Ses pérégrinations vont aussi le mener à observer les îles qui entourent la Sicile et qui témoignent, comme il va le démontrer, des liens géologiques unissant toute cette région. Les publications tirées de ses observations sont nombreuses et forment un corpus cohérent qui permet de comprendre les attraits que Dolomieu a perçus dans la Sicile. Une partie de ces publications est incorporée dans le quatrième volume de l’ouvrage pittoresque de Saint-Non concernant les îles Cyclopes, une lettre sur l’Etna et un Mémoire sur les volcans éteints du

Val di Noto.
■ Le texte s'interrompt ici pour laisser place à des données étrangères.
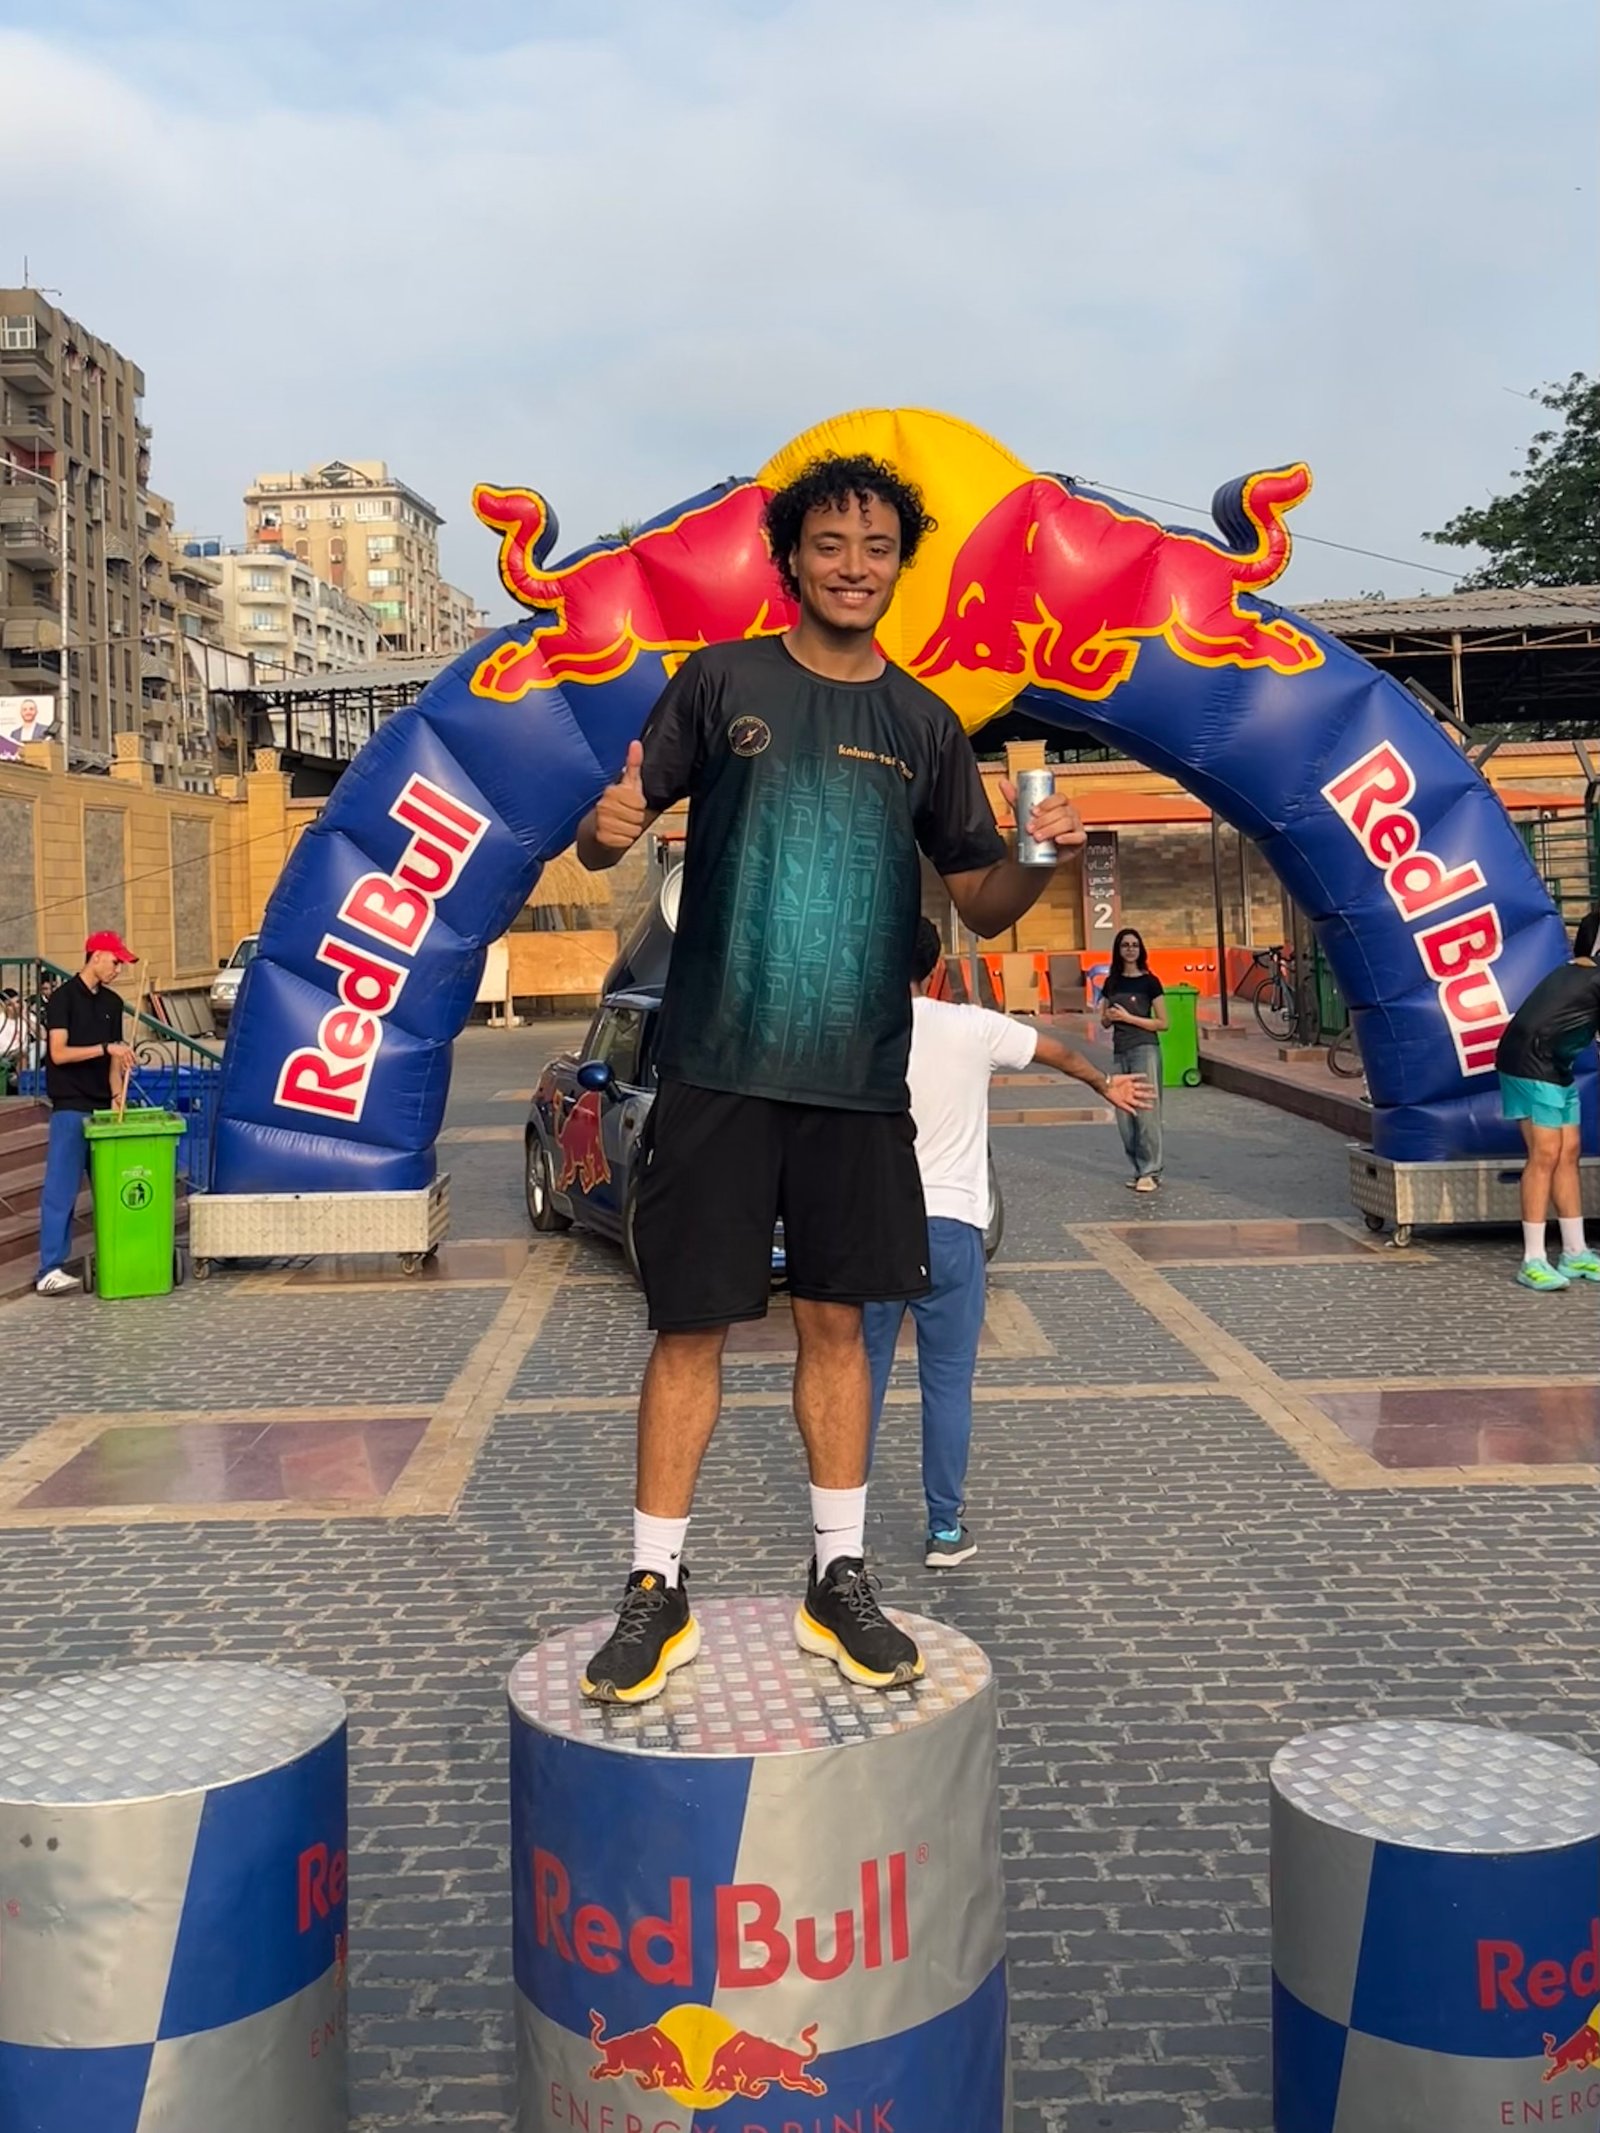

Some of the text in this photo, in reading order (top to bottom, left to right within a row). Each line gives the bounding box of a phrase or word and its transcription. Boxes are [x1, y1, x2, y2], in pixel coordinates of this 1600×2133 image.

[1327, 746, 1482, 916] Red
[279, 778, 484, 1117] Red Bull
[1094, 903, 1113, 929] 2
[297, 1841, 347, 1934] Re
[531, 1846, 911, 1990] Red Bull
[1477, 1916, 1600, 2011] Red
Il publie aussi un Voyage aux îles Lipari fait en 1781, un Mémoire sur les îles de Ponces et catalogue raisonné des produits de l’Etna, suivis de la description de l’éruption de l’Etna du mois de juillet 1787. Enfin, le journal de route de Dolomieu a été publié par

Alfred Lacroix en 1918 sous le titre Un voyage géologique en Sicile en 1781292. Nous avons à faire ici à un savant, scrupuleux dans sa méthode d’analyse et qui se dévoue uniquement à sa passion pour la minéralogie et la géologie. L’intérêt pour les antiquités n’y est pas, principalement, et comme il l’avoue, parce qu’il n’en a pas toujours les connaissances. Nous reviendrons en détails sur les écrits de Dolomieu dans le troisième chapitre.